Toyota facing supply chain issues

Toyota facing supply chain issues

Japanese car manufacturing giant Toyota has warned customers that they might have to wait for up to four years for its new Land Cruiser SUV due to delays caused by Covid-19. These delays are, for the most part, related to a lack of workforce due to staff absences from Covid-19. Consequently, Toyota has announced that it is slowing production at several manufacturing plants all over Japan, owing to an increase in Covid-19 infections among Toyota’s workers and in the factories which supply essential car parts.

In a statement released to explain these delays Toyota said “As Land Cruiser is very popular, not just in Japan but around the world, we apologise as it is expected to take a long time before we can deliver the product. There is a possibility it could take up to four years if you order now. We will continue to shorten the delivery time and we appreciate your understanding” 

 

Covid-19 is not the first-time that Toyota’s supply chains have faced disruption as the company has already coped with disastrous events such as the 2011 earthquake and tsunami in Japan which had a devastating effect on the country. In the months after the 2011 tsunami Toyota completely reassessed their entire supply chain and started again to rebuild the 78% of production that they’d lost.

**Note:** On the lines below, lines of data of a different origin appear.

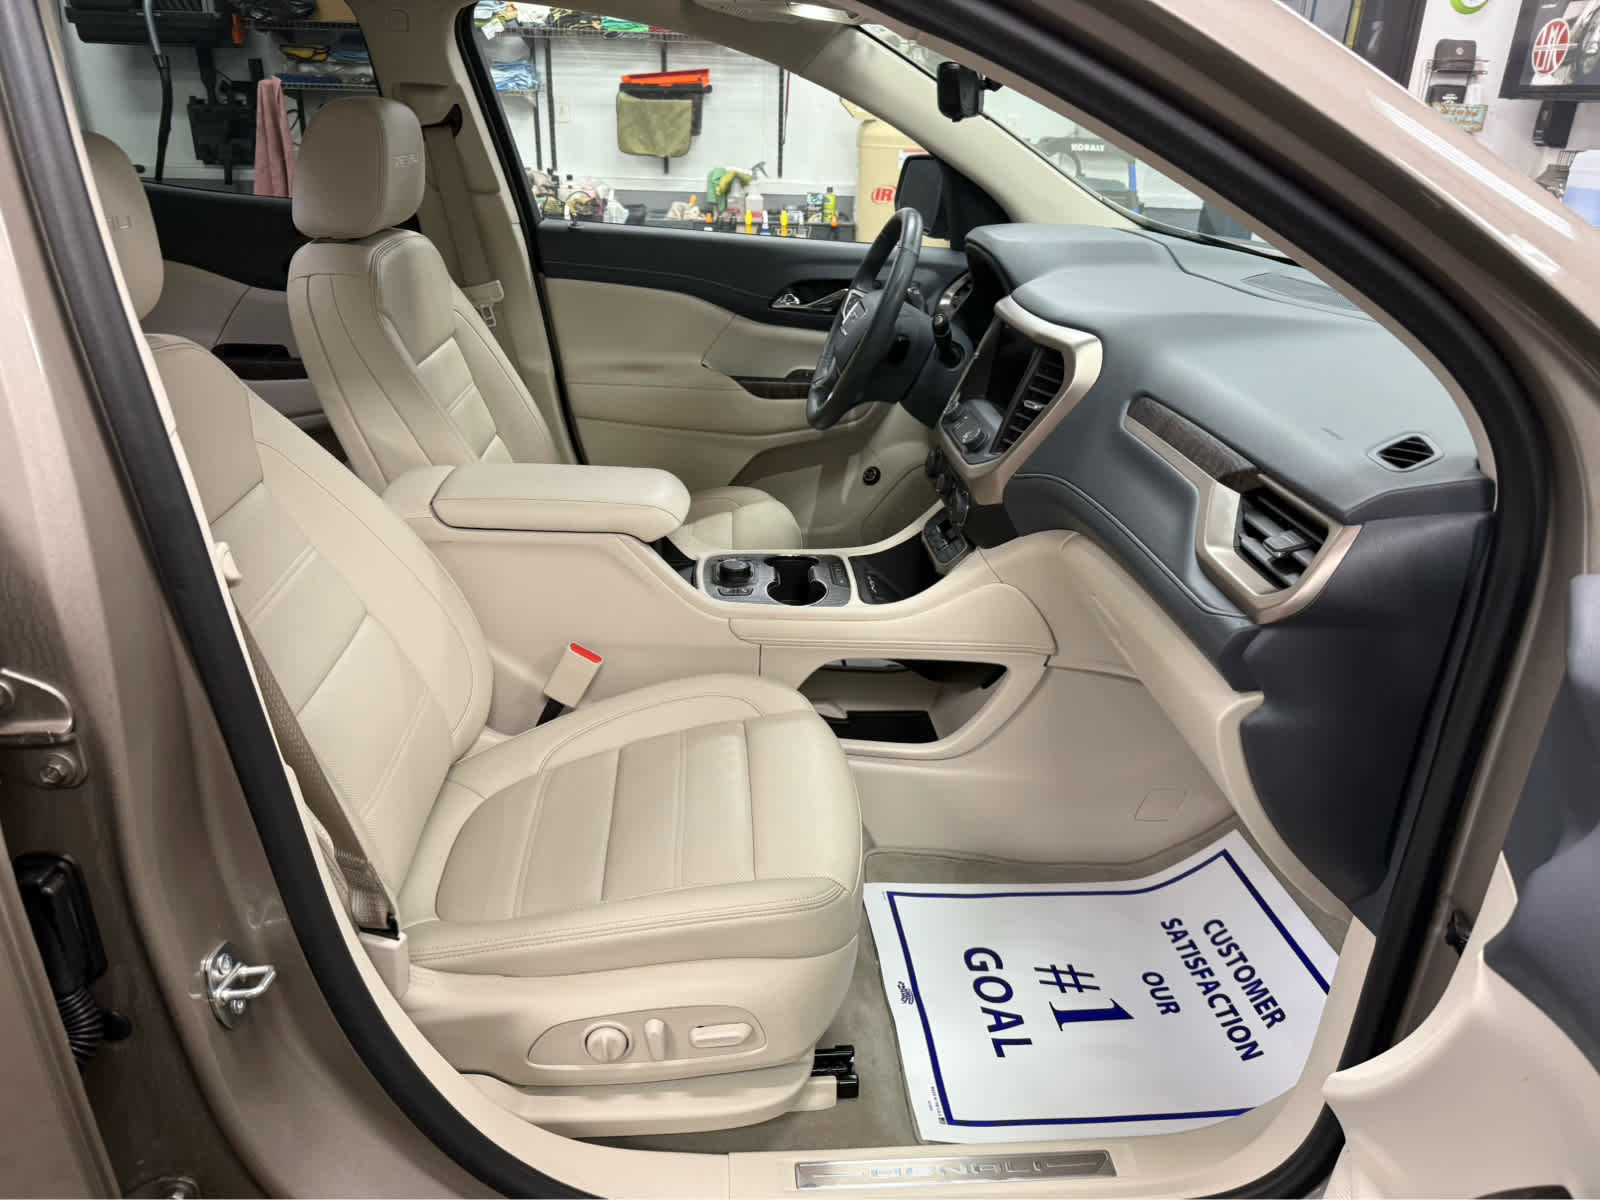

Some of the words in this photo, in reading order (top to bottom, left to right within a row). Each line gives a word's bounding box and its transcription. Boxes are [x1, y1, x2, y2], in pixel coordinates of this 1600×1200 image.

[1071, 143, 1104, 152] KOBALT
[874, 187, 894, 203] IR
[963, 947, 1033, 1058] GOAL
[1033, 963, 1135, 1032] #1
[1141, 971, 1181, 1016] OUR
[1160, 917, 1265, 1062] SATISFACTION
[1203, 919, 1286, 1029] CUSTOMER

The Toyota supply chain model

Toyota are leading proponents of the ‘lean manufacturing’ model as they first developed their Toyota Production System in the 1940s, which quickly gained global influence as other companies adopted this methodology. There are two core concepts to the Toyota system, firstly ‘jidoka’, a form of intelligent automation where equipment is programmed to come to a halt when an issue arises to ensure that faulty products are not produced. The second concept is referred to as ‘Just-in-Time’, a concept where each step within the manufacturing process only produces what’s needed for the next one.

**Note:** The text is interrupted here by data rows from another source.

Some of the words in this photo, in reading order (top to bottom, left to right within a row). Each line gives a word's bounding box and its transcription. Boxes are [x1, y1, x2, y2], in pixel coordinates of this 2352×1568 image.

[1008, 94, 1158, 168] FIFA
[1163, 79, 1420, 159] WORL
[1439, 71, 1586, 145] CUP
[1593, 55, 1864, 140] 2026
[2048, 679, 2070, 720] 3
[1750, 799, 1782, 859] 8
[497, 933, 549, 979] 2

These two concepts were put in place as part of an overall philosophy to eliminate waste during manufacturing and aim to work in the most efficient way possible, building on continuous improvement over the years.

Toyota has sought to revise and improve upon its methodology since the events of 2011 and used the disruption to positive effect. Since their supply chain had been almost entirely cut off, the company worked alongside suppliers in Japan to produce a comprehensive database of supply chain information to support the Japanese manufacturing industry. Toyota also implemented a strategy which was devised to split the procurement of their supplies from three different sources, with the main one supplying 60% of materials. Dividing their raw material supplies up in this manner meant that should one part of their supply chain fall, they would have two backup options already in place.

While it remains to be seen how Toyota will resolve its supply chain issues, an interesting development came in December when the company said that it is happy to use scratched or blemished parts from suppliers as the world’s biggest car producer tries to trim costs amid a production-curbing global chip shortage and rising material costs.

Toyota’s acceptance of good enough by using parts it would have thrown away in the past marks a significant change both for a company renowned for stringent quality control and for Japanese manufacturing practices that have often prioritized perfection over speed to market. This may be the first hint at the direction Toyota might take in the future as it seeks to eliminate its supply chain issues.

“We are careful about the outside of our vehicles, the parts you can easily see. But there are plenty of places that people don’t notice unless they really take a good look,” Takefumi Shiga, Toyota’s chief project leader for vehicle development said during a press briefing.